== DATA PROVIDED ==

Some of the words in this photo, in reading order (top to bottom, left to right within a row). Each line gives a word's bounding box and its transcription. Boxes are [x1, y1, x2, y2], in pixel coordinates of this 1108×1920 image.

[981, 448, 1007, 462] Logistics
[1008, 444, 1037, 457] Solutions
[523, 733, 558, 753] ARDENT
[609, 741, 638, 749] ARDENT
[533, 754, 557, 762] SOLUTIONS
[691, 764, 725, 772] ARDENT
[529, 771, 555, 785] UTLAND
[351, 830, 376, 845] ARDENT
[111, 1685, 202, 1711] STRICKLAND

===

**WORK INSTRUCTION**
A complete and exact reproduction of the data is needed.

**REPLY**
Some of the words in this photo, in reading order (top to bottom, left to right within a row). Each line gives a word's bounding box and its transcription. Boxes are [x1, y1, x2, y2], in pixel coordinates of this 1108×1920 image.

[981, 448, 1007, 462] Logistics
[1008, 444, 1037, 457] Solutions
[523, 733, 558, 753] ARDENT
[609, 741, 638, 749] ARDENT
[533, 754, 557, 762] SOLUTIONS
[691, 764, 725, 772] ARDENT
[529, 771, 555, 785] UTLAND
[351, 830, 376, 845] ARDENT
[111, 1685, 202, 1711] STRICKLAND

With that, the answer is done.